Modification of the basic side chain in tamoxifen: effects on microsomal metabolism and in vitro biological activity.

The effect of reducing the basicity of the side chain in tamoxifen (1) on in vitro microsomal metabolism and biological potency has been investigated. The N-methyl-N-(2,2,2-trifluoroethyl) analogue 10 and its 4-hydroxy derivative 18 have been synthesised. The side chain of 10 was not metabolised detectably by rat liver microsomes but a small amount of 18 was formed; there was no evidence of metabolic switching. The lack of metabolism of 10 is unlikely to reflect steric effects since the N,N-diethyl analogue 9 had a metabolism profile similar to that of tamoxifen, but could reflect the reduction in the basicity of the side chain. Compounds 10 and 18 had relative binding affinities (RBA) to oestrogen receptors in rat uterine cytosol and MCF-7 whole cells approximately 5 times lower than the values for tamoxifen (1) and 4-hydroxytamoxifen (3), respectively. Also 10 was similarly less potent than 1 as an inhibitor of the growth of MCF-7 cells in culture although antioestrogenicity was maintained.

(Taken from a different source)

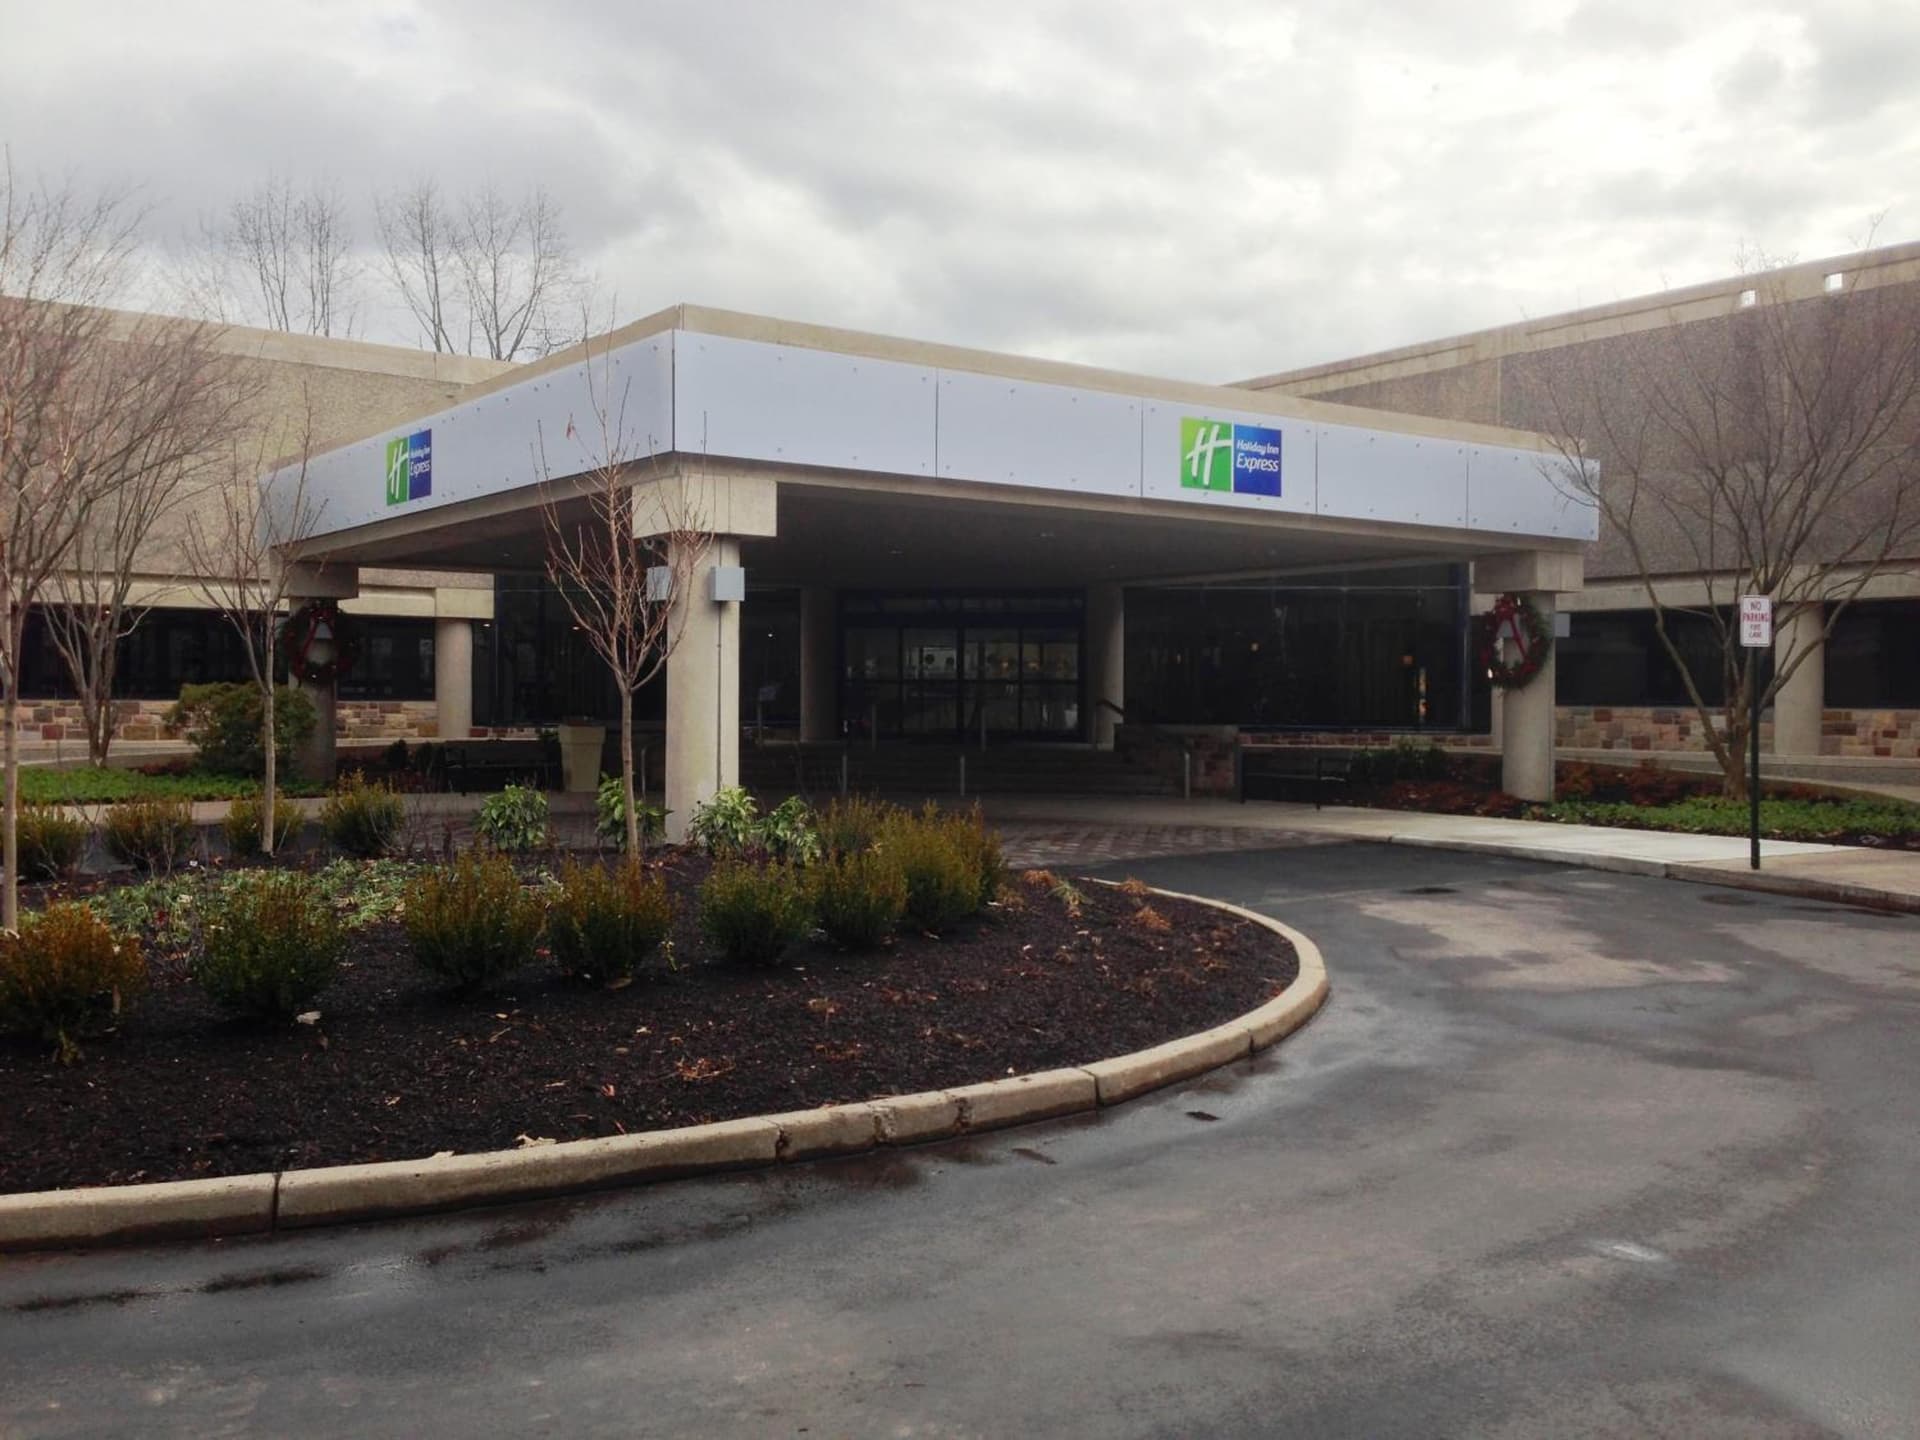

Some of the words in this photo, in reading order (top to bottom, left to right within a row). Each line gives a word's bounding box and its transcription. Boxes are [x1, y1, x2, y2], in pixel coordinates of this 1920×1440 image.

There was no evidence for improved cell penetration by 10 relative to 1. Of the N-acyl analogues (15-17) of tamoxifen synthesised, the N-trifluoroacetyl analogue 15 had a very low RBA. The N-acetyl (16) and N-formyl (17) analogues had RBA values comparable to that of 1 in cell cytosol or whole cell systems, but did not inhibit growth of MCF-7 cells. Thus, although metabolism of the side-chain in tamoxifen can be inhibited, reduction of biological potency results.